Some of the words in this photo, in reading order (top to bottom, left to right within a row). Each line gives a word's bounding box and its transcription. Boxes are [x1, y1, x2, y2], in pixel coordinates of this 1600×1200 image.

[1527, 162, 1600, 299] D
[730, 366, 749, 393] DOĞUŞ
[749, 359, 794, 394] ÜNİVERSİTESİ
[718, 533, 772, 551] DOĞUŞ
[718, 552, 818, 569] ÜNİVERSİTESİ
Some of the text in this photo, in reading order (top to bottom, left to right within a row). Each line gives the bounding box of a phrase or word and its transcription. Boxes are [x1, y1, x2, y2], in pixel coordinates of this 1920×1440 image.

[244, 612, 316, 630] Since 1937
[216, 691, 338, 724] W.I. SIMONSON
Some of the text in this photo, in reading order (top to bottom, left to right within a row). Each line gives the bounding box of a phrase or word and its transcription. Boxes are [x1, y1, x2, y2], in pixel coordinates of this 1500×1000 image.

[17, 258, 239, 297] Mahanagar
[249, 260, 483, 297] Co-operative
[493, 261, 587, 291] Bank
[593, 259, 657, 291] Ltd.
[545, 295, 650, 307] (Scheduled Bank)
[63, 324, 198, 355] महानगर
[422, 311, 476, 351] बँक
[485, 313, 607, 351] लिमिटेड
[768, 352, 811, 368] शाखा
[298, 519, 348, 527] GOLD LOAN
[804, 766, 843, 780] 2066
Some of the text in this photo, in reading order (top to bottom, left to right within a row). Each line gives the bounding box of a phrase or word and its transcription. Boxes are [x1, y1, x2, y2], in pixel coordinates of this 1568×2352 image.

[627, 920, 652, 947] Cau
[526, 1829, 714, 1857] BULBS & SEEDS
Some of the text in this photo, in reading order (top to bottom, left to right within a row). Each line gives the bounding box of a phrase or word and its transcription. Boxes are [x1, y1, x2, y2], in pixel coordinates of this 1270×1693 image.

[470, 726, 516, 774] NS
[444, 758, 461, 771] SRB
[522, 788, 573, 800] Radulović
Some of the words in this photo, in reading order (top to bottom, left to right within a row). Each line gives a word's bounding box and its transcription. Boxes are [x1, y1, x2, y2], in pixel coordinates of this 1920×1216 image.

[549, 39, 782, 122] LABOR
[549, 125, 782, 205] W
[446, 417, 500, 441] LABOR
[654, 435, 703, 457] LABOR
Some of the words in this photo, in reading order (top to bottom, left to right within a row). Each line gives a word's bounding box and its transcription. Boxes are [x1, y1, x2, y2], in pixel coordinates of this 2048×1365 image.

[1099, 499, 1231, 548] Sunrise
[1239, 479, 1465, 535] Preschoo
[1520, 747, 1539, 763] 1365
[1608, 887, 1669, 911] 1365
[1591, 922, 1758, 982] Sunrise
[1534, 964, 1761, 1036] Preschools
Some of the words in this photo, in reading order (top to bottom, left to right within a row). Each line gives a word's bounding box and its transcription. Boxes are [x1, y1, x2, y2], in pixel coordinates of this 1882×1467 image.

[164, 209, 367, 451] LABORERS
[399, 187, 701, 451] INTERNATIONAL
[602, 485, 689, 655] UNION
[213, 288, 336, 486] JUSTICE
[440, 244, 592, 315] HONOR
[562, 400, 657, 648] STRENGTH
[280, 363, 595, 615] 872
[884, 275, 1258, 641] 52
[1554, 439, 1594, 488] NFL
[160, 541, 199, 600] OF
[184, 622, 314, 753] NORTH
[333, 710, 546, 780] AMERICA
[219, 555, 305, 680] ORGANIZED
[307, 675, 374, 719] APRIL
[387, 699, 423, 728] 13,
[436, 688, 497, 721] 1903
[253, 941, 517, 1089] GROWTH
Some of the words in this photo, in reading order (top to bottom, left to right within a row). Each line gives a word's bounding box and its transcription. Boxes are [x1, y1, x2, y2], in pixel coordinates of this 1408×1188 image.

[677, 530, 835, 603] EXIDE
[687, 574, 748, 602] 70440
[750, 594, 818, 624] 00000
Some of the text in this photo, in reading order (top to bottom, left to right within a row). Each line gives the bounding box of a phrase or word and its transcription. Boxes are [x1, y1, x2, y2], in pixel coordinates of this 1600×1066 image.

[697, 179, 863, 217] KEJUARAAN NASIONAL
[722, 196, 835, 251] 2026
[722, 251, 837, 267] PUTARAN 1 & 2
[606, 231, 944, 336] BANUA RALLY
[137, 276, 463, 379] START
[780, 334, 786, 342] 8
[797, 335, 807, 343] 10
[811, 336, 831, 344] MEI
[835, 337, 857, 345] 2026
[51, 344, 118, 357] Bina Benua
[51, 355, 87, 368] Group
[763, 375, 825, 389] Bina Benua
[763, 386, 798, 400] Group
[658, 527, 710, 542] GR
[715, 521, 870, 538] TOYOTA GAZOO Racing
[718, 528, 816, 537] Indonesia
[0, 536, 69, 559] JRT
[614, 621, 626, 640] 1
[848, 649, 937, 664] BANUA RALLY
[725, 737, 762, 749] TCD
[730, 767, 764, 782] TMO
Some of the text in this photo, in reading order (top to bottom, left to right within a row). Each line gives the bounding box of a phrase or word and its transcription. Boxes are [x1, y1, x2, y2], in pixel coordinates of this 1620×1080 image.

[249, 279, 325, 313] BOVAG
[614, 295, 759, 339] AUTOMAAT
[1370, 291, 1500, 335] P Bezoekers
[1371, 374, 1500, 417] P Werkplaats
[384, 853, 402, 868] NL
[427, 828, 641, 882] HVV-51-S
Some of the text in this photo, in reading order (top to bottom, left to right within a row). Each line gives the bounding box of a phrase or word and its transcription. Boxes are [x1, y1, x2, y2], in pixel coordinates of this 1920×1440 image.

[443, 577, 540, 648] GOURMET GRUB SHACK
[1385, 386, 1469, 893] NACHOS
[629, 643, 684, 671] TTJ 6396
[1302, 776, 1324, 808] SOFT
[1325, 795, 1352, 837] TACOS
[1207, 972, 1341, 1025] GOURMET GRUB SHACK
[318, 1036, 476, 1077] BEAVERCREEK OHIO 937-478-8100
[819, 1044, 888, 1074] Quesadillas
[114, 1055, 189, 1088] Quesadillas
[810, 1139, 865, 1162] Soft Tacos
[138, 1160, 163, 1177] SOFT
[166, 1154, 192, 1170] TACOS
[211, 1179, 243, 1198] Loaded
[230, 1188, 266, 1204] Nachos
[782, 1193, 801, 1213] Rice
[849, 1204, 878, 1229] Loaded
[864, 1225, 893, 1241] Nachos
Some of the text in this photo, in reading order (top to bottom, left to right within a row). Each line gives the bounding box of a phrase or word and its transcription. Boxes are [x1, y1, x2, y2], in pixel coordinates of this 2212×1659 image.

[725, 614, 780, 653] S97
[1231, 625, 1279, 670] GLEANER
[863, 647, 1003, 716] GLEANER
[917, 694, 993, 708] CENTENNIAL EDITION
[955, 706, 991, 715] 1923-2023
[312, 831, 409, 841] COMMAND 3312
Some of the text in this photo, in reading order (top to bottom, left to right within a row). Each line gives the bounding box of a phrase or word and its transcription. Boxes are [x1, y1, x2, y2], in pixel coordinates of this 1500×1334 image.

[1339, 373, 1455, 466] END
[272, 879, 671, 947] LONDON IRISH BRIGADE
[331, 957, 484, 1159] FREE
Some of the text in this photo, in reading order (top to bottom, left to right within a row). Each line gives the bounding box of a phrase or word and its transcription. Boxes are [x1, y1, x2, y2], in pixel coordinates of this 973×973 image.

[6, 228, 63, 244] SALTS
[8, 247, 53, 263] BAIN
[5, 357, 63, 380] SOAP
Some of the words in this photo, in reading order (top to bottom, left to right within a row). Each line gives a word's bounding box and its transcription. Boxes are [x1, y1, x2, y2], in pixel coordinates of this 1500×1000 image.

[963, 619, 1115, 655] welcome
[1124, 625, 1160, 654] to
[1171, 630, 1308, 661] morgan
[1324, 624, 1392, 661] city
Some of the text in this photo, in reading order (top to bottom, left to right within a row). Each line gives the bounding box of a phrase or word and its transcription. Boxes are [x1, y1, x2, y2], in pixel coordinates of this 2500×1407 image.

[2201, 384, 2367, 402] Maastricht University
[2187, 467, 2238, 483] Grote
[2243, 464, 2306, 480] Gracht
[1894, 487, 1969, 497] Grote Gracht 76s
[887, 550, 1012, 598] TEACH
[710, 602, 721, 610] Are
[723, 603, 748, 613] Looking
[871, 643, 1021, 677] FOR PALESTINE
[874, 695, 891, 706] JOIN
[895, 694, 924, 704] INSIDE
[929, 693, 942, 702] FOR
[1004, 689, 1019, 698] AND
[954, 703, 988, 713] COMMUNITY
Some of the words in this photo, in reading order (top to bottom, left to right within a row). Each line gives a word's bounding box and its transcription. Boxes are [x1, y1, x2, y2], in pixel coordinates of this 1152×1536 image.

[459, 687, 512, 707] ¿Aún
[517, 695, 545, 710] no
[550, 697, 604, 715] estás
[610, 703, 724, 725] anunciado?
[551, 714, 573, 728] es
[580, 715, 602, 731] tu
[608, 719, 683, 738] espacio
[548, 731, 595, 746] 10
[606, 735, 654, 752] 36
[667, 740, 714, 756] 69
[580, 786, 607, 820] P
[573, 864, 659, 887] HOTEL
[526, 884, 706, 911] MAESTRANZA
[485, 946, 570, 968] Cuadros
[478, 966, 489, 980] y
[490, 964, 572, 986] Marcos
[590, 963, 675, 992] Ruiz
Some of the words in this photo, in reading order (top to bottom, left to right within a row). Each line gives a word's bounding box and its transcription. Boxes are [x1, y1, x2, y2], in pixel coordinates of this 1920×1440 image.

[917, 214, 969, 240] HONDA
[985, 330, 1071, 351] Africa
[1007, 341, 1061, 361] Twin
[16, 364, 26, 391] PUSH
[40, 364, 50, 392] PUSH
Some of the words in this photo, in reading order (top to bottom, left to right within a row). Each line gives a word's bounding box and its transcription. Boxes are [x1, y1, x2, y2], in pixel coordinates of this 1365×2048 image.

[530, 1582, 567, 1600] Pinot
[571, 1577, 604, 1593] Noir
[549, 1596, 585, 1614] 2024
___
Your answer must be the line containing "this 2500×1407 image." through the last line above, copied exactly, with nothing added.

Some of the text in this photo, in reading order (top to bottom, left to right within a row). Each line gives the bounding box of a phrase or word and its transcription. Boxes are [x1, y1, x2, y2], in pixel coordinates of this 2500×1407 image.

[2201, 384, 2367, 402] Maastricht University
[2187, 467, 2238, 483] Grote
[2243, 464, 2306, 480] Gracht
[1894, 487, 1969, 497] Grote Gracht 76s
[887, 550, 1012, 598] TEACH
[710, 602, 721, 610] Are
[723, 603, 748, 613] Looking
[871, 643, 1021, 677] FOR PALESTINE
[874, 695, 891, 706] JOIN
[895, 694, 924, 704] INSIDE
[929, 693, 942, 702] FOR
[1004, 689, 1019, 698] AND
[954, 703, 988, 713] COMMUNITY
Some of the words in this photo, in reading order (top to bottom, left to right within a row). Each line gives a word's bounding box and its transcription. Boxes are [x1, y1, x2, y2], in pixel coordinates of this 1152×1536 image.

[459, 687, 512, 707] ¿Aún
[517, 695, 545, 710] no
[550, 697, 604, 715] estás
[610, 703, 724, 725] anunciado?
[551, 714, 573, 728] es
[580, 715, 602, 731] tu
[608, 719, 683, 738] espacio
[548, 731, 595, 746] 10
[606, 735, 654, 752] 36
[667, 740, 714, 756] 69
[580, 786, 607, 820] P
[573, 864, 659, 887] HOTEL
[526, 884, 706, 911] MAESTRANZA
[485, 946, 570, 968] Cuadros
[478, 966, 489, 980] y
[490, 964, 572, 986] Marcos
[590, 963, 675, 992] Ruiz
Some of the words in this photo, in reading order (top to bottom, left to right within a row). Each line gives a word's bounding box and its transcription. Boxes are [x1, y1, x2, y2], in pixel coordinates of this 1920×1440 image.

[917, 214, 969, 240] HONDA
[985, 330, 1071, 351] Africa
[1007, 341, 1061, 361] Twin
[16, 364, 26, 391] PUSH
[40, 364, 50, 392] PUSH
Some of the words in this photo, in reading order (top to bottom, left to right within a row). Each line gives a word's bounding box and its transcription. Boxes are [x1, y1, x2, y2], in pixel coordinates of this 1365×2048 image.

[530, 1582, 567, 1600] Pinot
[571, 1577, 604, 1593] Noir
[549, 1596, 585, 1614] 2024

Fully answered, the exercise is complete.